Driven by this question, a team of local transcribers, teachers, and linguists came up with the LILIEMA method, which introduces literacy based on entire repertoires rather than basing its teaching on one language only. Using the official alphabet of Senegalese languages, writers learn sound-letter associations based on words from the entire repertoire in the classroom and are thus enabled to express themselves in any language they wish in writing.

You can see LILIEMA in use on the Donkosira blog, where inhabitants of Agnack blog on aspects of local knowledge they want to share, and were they regularly use several languages to reach a wide audience with their posts. Have a look at this post for instance, on rice cultivation, which features Baïnounk Gujaher and Mandinka in addition to French, which is the only language written in its own and distinct orthography, since its is firmly inscribed into a European standard culture. Other posts feature Kriol or Joola Fogny, liberating writers and readers from impossible choices and setting them free to express themselves in writing as flexibly as they would in speaking.

I’m still in Bamako, but a good connection means I can return to this blog just like a polygamous husband to his neglected other wife… And while not much happened in my online life, I spent a captivating week offline but directly connected to the various ways in which village residents from three West African countries – Mali, Senegal, and Guinea – present aspects of their diverse local knowledges.

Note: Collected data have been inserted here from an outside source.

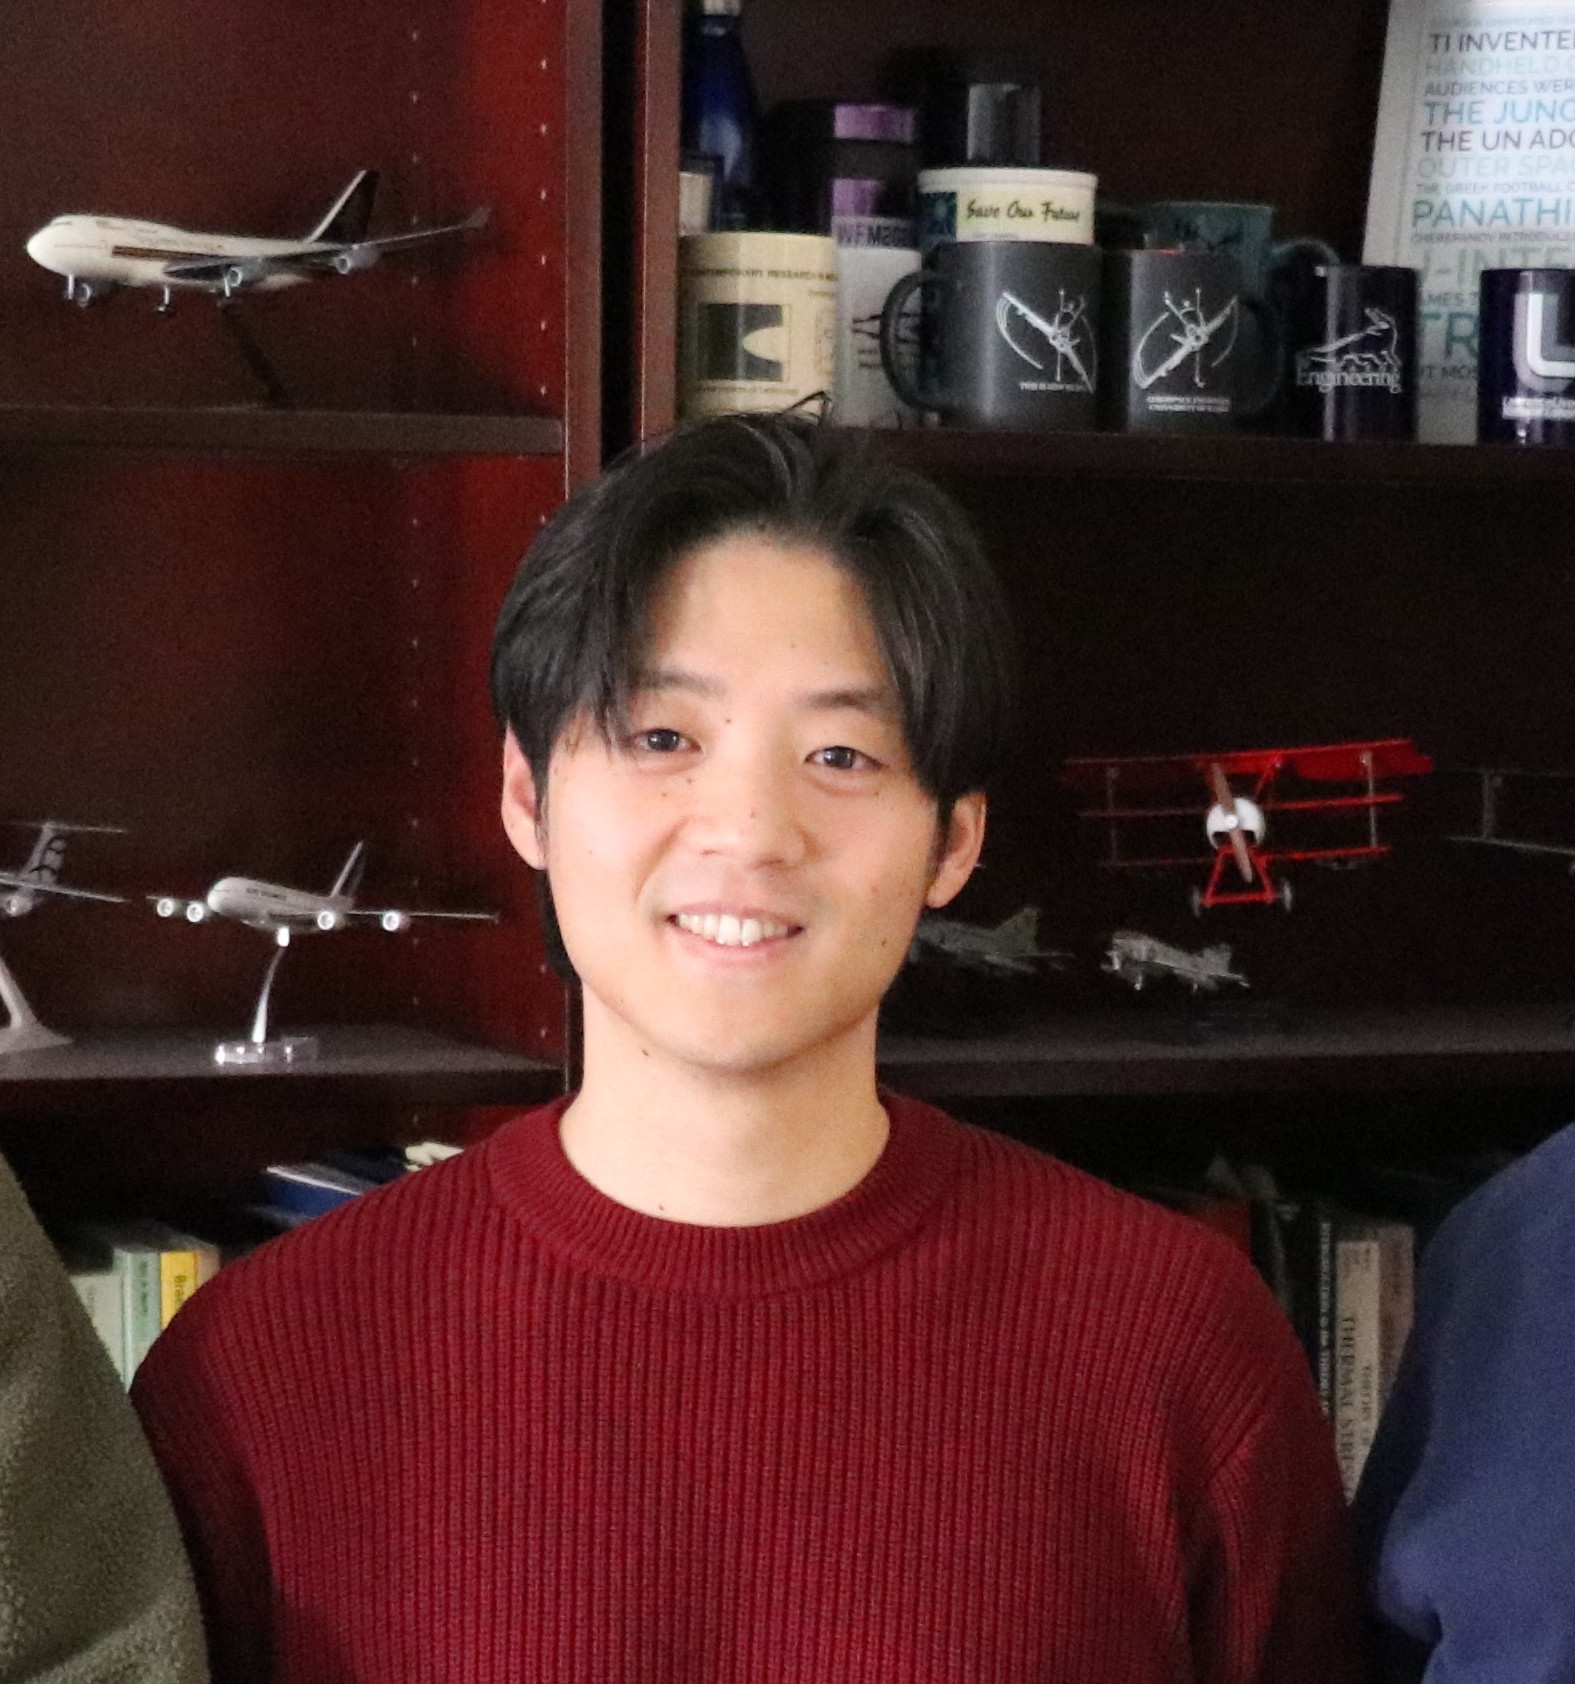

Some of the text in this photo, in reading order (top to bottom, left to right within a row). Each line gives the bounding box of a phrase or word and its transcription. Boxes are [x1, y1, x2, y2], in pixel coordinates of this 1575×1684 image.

[1429, 31, 1451, 52] TI
[1424, 54, 1560, 77] HANDHELD
[1423, 79, 1528, 97] AUDIENCES
[1424, 101, 1485, 126] THE
[1420, 129, 1474, 152] THE
[1481, 128, 1522, 151] UN
[1416, 155, 1509, 179] OUTER
[1493, 180, 1562, 194] FOOTBALL
[966, 198, 1001, 221] Save
[1295, 359, 1402, 394] Engineering
[1338, 1316, 1356, 1409] THERMAL

Through recording local knowledge that is important to them on mobile phones and uploading it to the Donkosira blog if and when connectivity permits, it is their regard that determines what is deemed worthwhile documenting and sharing, and how it is presented. But blogs are a medium that requires use of the written modality in addition to photos and videos, and if this written information is to be offered in languages other than the colonial (and sole official) language of the three countries in the scope of the project, which is French, this causes great insecurity. Because the languages spoken in the villages Monzona, Damaro, Bouillagui and Agnack Grand and Agnack Petit are either locally confined or not taught at school, the first answer to the suggestion to write in them is: “But these languages are not written.”

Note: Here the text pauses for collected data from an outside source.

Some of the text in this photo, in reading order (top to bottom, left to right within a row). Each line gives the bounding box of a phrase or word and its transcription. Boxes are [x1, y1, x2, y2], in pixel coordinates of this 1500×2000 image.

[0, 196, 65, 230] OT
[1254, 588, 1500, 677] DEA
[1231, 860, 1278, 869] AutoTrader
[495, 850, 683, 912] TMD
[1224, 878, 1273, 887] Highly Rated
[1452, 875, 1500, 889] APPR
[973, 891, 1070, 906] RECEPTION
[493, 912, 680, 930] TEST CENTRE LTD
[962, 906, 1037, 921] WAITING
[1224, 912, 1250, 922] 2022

Yet, almost all of the project participants had actually already produced writing in languages other than French – for instance in text messages or in transcriptions of stories and other texts. You can see an example in this post on proverbs by Ansoumana Camara. If you look at the ways in which the proverbs are transcribed in Konianké, the local Mande language, a truly ingenious strategy emerges: Ansoumana Camara has transferred the spelling rule of the language of first literacy, French, to Konianké. This type of writing is extremely widespread in West Africa, and a very economical way of writing in a multilingual environment that doesn’t offer much support to languages other than the colonial one. Sadly, it is often dismissed as corrupted and improper, so that its practitioners themselves dismiss it. Yet, these writing techniques testify of a great understanding of phonic regularities in French spelling and their transfer to new languages is highly skilful, and not at all deficient. So of course their value is recognised and they have a place of honour on the Donkosira blog.

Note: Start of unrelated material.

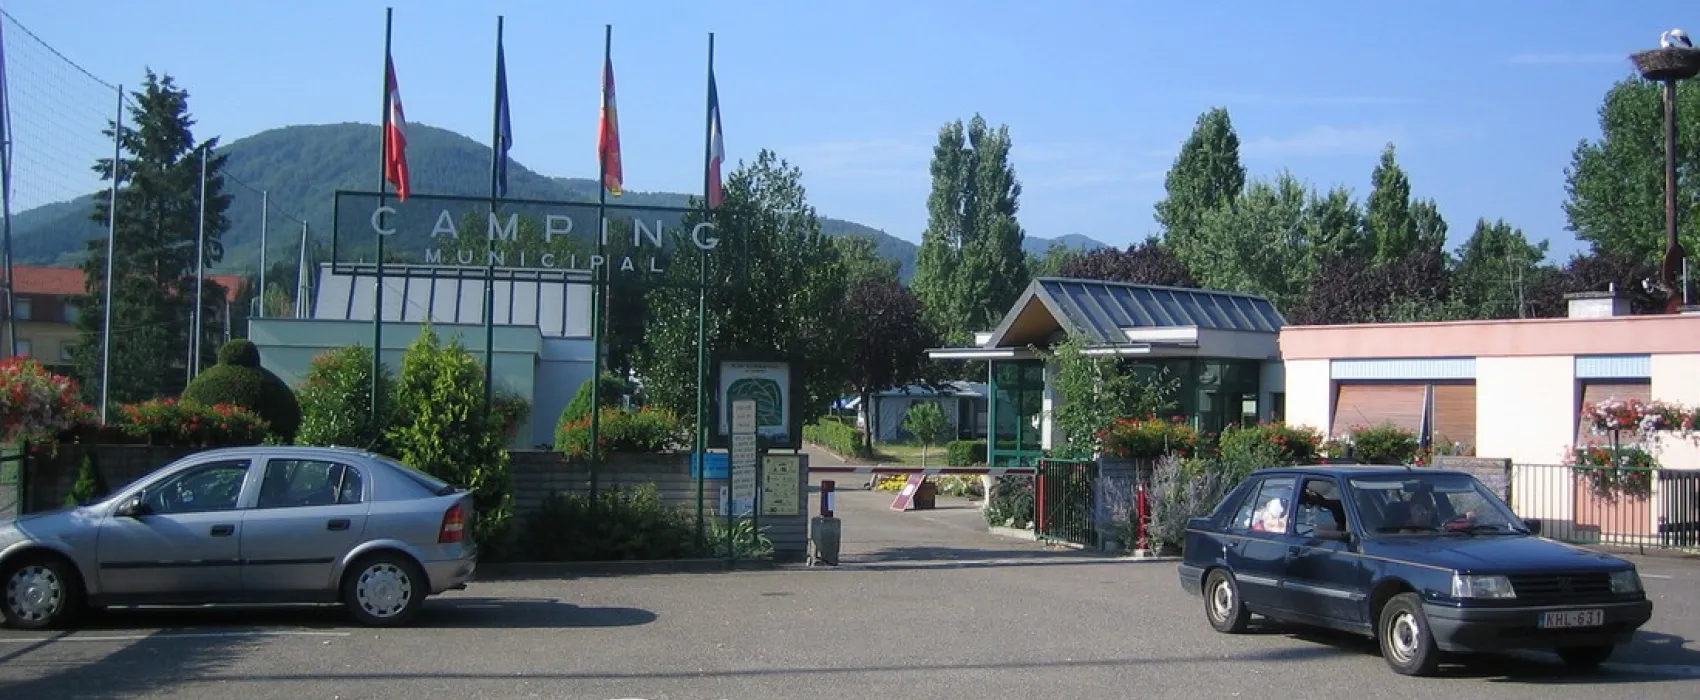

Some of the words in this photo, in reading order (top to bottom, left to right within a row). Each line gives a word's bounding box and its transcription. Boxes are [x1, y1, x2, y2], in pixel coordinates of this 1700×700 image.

Today, however, I want to tell you about a local flavour present in Ansoumana’s writing that is very endearing to me as a German. Since I’d first seen him write in Konianké, I had been intrigued by one thing: the presence of the letter ö. Ö has no place whatsoever in French orthography, but of course we Germans are very fond of our umlauts. I knew that the letter ö had been introduced in Guinea and Côte d’Ivoire in the 1970s to write the the sound [ɔ] in national languages that had been officially standardised. But Ansoumana had stated that he had never learned to read and write a Guinean language. So how had the ö found its way into his spelling?

A Koniaké story transcribed by Ansoumana Camara from Damaro (Guinea)

Our workshop in Bamako offered the occasion to find out. It turned out that school teachers had introduced the letter ö because the sound [ɔ] appears in local names, such as Böbö [bɔbɔ], pronounced with a more open vowel than Bobo would be in French, and so a proper name served as a Trojan horse to introduce some aspects of writing national languages that otherwise had no right of existence in the Frenchg-based school curriculum. Thirty odd years after this school experience, the ö is still there – a tiny but persistent trace of spelling rules for national languages that still have no space in the school curriculum.

If you want to learn more about lead language writing, i.e. the transfer of spelling skills to repertoires in West Africa, you can find out more in this article:

Lüpke, Friederike (2018): Escaping the tyranny of writing. West African regimes of writing as a model for multilingual literacy. In Kasper Juffermans, Constanze Weth (Eds.): The tyranny of writing revisited. Ideologies of the written word. London: Bloomsbury, pp. 129–148.

In African formal education systems, the Latin script dominates, with the exception of Arabic-writing North Africa and the Horn of Africa, writing in Ge’ez. In secular state schools, literacy is mainly taught in the ex-colonial languages, which all use Latin-based orthographies. But even schools that teach so-called “national languages” – indigenous languages that are officially recognised – teach these languages in the Latin alphabet. Outside of Arabic lessons, the Arabic script is nowhere to be seen in the formal education sector.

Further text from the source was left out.